ÇEVRE - 04 Nisan 2025 Cuma 10:13

Mersin sahilleri plastik atıklardan arınacak

A
A
A
Mersin sahilleri plastik atıklardan arınacak

Mersin Büyükşehir Belediyesi, iklim değişikliğiyle mücadele kapsamında sıfır atık projelerini yaygınlaştırarak, çevresel sürdürülebilirliği destekleyen projelere imza attığı bildirildi.

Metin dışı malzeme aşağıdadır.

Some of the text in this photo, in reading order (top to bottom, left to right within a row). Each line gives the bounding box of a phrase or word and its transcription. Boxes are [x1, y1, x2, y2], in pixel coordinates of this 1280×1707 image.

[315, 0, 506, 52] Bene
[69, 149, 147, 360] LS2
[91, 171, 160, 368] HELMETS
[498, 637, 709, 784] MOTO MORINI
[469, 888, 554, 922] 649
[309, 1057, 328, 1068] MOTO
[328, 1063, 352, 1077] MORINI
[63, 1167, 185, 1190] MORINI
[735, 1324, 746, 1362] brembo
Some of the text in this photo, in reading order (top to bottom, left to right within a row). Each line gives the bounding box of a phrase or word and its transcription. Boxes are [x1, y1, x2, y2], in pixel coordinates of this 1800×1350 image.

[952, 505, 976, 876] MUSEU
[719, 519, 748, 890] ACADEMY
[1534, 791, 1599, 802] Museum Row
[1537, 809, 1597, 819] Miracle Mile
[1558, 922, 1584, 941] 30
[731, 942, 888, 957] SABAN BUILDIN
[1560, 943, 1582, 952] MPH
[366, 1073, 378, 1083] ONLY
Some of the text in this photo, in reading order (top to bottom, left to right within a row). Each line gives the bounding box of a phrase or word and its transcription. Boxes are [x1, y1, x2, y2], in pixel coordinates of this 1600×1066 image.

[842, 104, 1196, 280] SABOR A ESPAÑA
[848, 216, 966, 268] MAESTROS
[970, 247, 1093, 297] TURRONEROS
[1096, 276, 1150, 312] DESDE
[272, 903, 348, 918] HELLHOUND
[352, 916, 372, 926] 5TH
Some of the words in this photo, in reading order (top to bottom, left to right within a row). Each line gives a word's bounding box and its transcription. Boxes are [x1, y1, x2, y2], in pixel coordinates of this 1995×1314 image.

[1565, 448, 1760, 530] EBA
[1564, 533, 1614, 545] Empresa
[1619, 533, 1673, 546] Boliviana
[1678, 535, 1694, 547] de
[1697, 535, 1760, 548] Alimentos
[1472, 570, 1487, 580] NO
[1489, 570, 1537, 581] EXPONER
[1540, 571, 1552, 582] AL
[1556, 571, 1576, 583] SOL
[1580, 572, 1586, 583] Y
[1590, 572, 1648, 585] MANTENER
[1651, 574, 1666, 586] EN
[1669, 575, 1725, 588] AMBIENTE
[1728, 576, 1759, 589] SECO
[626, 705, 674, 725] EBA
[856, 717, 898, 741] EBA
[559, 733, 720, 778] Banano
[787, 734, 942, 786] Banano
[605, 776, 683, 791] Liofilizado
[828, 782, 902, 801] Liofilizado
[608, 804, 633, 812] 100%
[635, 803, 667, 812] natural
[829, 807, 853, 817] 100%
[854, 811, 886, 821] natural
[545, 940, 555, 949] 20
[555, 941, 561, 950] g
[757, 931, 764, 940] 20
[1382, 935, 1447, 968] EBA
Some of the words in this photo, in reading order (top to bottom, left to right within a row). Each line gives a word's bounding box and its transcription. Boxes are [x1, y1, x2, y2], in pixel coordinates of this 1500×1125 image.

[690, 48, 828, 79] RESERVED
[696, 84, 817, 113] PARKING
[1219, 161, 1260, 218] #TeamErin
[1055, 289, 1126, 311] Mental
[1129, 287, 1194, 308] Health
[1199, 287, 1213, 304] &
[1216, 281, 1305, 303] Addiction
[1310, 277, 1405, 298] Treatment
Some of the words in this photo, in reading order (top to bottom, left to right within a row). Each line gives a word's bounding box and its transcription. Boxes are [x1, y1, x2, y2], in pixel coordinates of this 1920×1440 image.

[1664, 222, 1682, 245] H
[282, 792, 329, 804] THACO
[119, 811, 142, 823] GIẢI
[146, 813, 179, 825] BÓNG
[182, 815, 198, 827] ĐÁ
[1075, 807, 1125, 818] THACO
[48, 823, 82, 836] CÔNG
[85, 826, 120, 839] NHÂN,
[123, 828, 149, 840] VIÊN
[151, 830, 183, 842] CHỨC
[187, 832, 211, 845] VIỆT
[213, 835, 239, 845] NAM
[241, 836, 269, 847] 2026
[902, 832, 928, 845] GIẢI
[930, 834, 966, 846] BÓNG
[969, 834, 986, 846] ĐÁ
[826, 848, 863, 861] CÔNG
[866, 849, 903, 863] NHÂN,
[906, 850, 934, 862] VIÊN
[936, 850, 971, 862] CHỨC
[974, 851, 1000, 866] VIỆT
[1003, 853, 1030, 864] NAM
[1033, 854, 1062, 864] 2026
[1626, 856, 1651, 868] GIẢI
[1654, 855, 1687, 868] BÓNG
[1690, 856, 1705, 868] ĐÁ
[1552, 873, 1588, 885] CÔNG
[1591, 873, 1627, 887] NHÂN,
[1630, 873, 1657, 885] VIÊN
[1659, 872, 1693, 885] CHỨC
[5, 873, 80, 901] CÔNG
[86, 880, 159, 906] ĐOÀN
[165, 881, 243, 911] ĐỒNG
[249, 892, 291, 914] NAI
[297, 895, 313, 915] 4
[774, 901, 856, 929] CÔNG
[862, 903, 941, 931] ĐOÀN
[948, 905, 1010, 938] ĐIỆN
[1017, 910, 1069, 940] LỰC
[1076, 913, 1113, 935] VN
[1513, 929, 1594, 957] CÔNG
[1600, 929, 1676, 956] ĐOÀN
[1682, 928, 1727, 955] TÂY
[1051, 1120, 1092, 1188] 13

İklim değişikliğiyle mücadele kapsamında sıfır atık projelerini yaygınlaştırarak, çevresel sürdürülebilirliği destekleyen projelere imza atan Büyükşehir Belediyesi, kent genelinde atık yönetimi, geri dönüşüm ve yenilenebilir enerji dönüşümü gibi çalışmalarını sürdürüyor. Çalışmalarıyla Mersin’in atıksız, çevre dostu şehir olma yolunda hızla ilerlemesine katkı sunan Büyükşehir Belediyesinin, AB tarafından finanse edilen REMEDIES-2 programı kapsamında hibe alan ’Plastiksiz Mersin Sahilleri için Birleşiyoruz’ projesiyle kentte sıfır atık konusuna yeni bir soluk getirdiği aktarıldı.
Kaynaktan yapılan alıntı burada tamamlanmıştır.